Published 22 Sep, 2016 01:18pm
Flooding in Tando Allahyar, Sindh |Arif Mahmood, White Star
Flooding in Tando Allahyar, Sindh |Arif Mahmood, White Star

Kamran Ali Jalbani is a small-scale government contractor. He has been carrying out civil works for the Sindh Irrigation Department for over a decade. The projects he usually works on are meant to strengthen river embankments, ensure the smooth flow of water from barrages to canals and keep canals and water courses in working condition.

Jalbani, in his forties, travels to Karachi once every week from Hyderabad, where he lives. The major objective of the visit is to get his bills cleared from the irrigation department’s head office at the Sindh Secretariat.
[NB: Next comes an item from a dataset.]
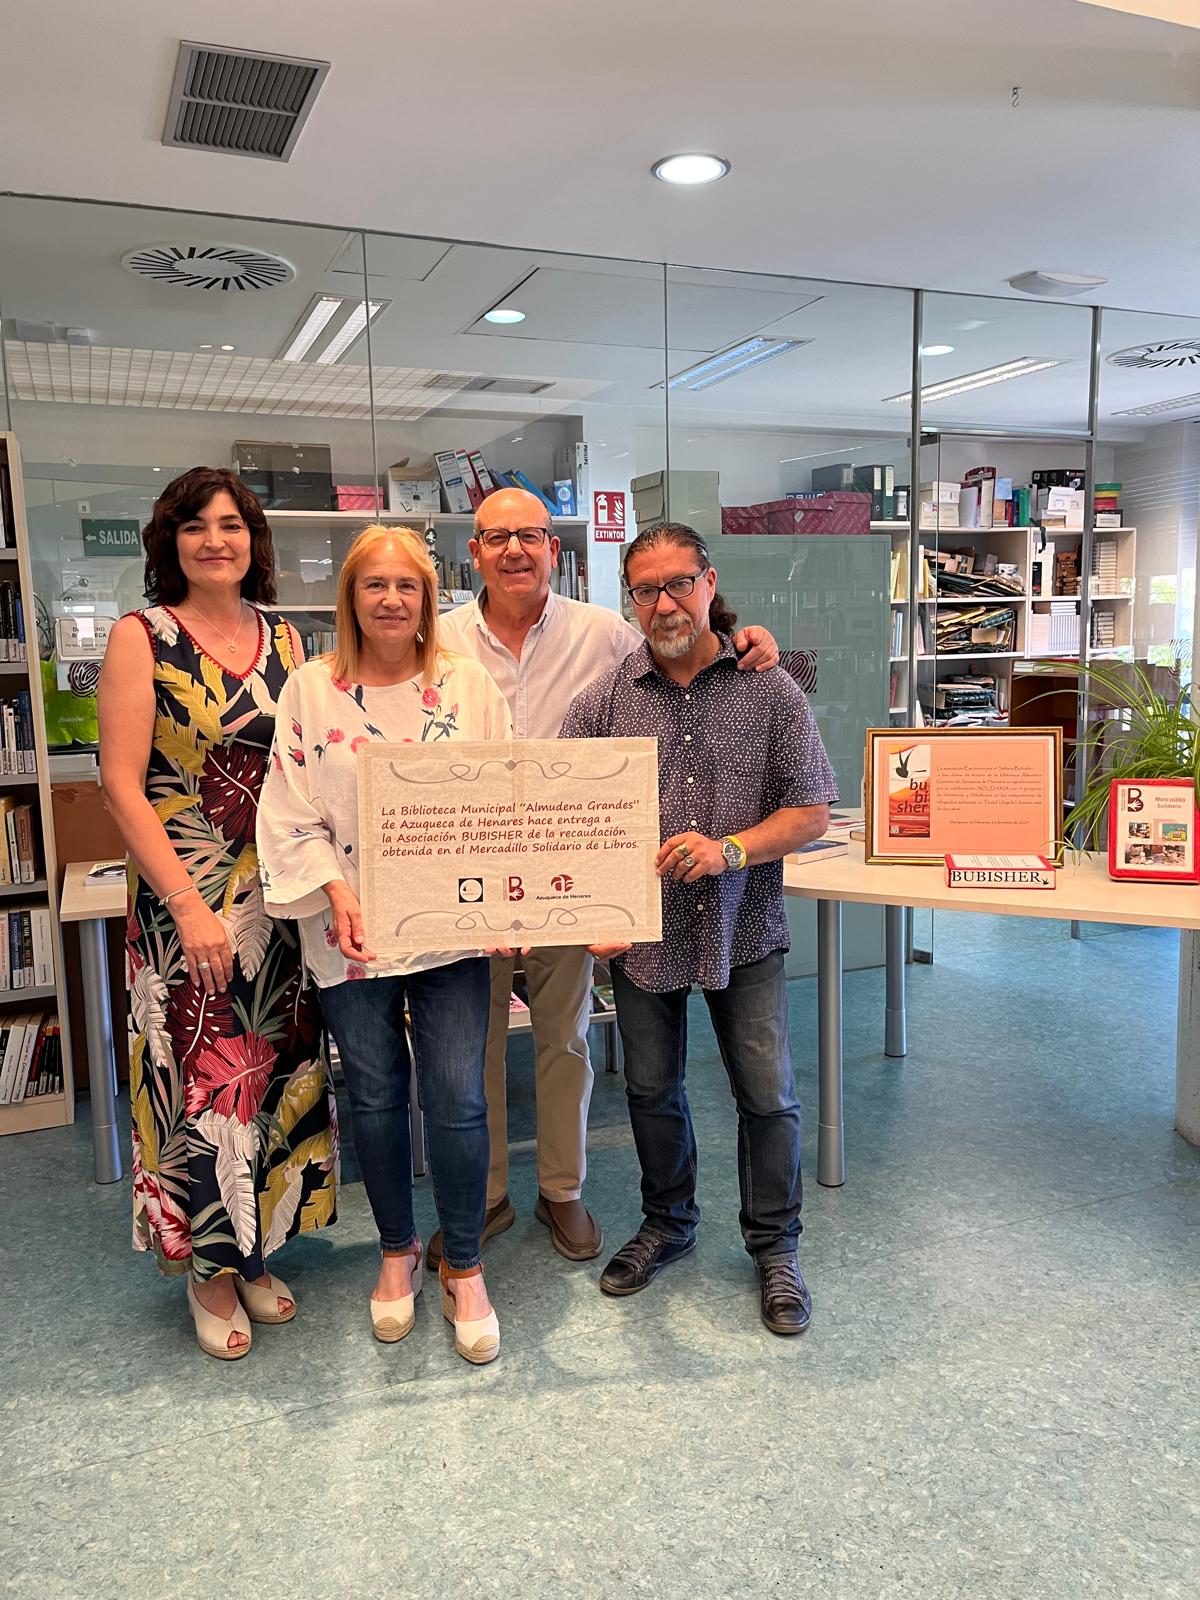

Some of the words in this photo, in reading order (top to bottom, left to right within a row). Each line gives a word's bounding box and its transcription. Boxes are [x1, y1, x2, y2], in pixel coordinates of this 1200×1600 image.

The visits also help him collect information about any new projects in the offing that he can bid for.

In 2013, he discovered during one of his visits that the department had nearly stopped advertising smaller contracts worth 10 million to 12 million rupees. Instead of floating tenders for small projects separately, the department had started clubbing several such projects under one big package, inviting expressions of interest from pre-qualified contractors — those already eligible to offer bids, he says.

One of the allegations cited in the notices was that the two officials had made payments to the contractors, without ensuring that the works undertaken were completed.

The eligibility criteria goes like this: Government contractors obtain certifications from the Pakistan Engineering Council. Those certificates put them in different categories, in consonance with the cost of the contracts they are eligible to bid for. No cost limits apply to the contractors falling in category C-A, while contractors in category C-B can apply for contracts costing not more than three billion rupees. Those in the two lowest categories (C-5 and C-6) cannot bid for projects costing more than 50 million and 20 million rupees, respectively.

There are technological, financial and human resource requirements for contractors to get into a certain category: the lower the category, the lower the requirements. Since earth filling and stone pitching are low-cost, low-tech and labour-intensive projects, they are usually awarded to contractors falling in C-5 and C-6 categories. But when many of these projects are clubbed together in one contract, the estimated cost makes smaller contractors ineligible to take part in the bidding process.

For small contractors like Jalbani, it “was like becoming unemployed all of a sudden”. He is right to the extent that, according to his claim, his firm did not receive any government contract for the entire year of 2015.

On November 13, 2014, the superintendent engineer of Khairpur irrigation circle released a newspaper advertisement, inviting pre-qualified applications from interested contractors. (He was not qualified to do so under the government’s own rule that empower only the executive engineer of a division for the same.) The advertisement did not specify the sites and cost of the works to be done. It also did not explain the nature of the work to be contracted out.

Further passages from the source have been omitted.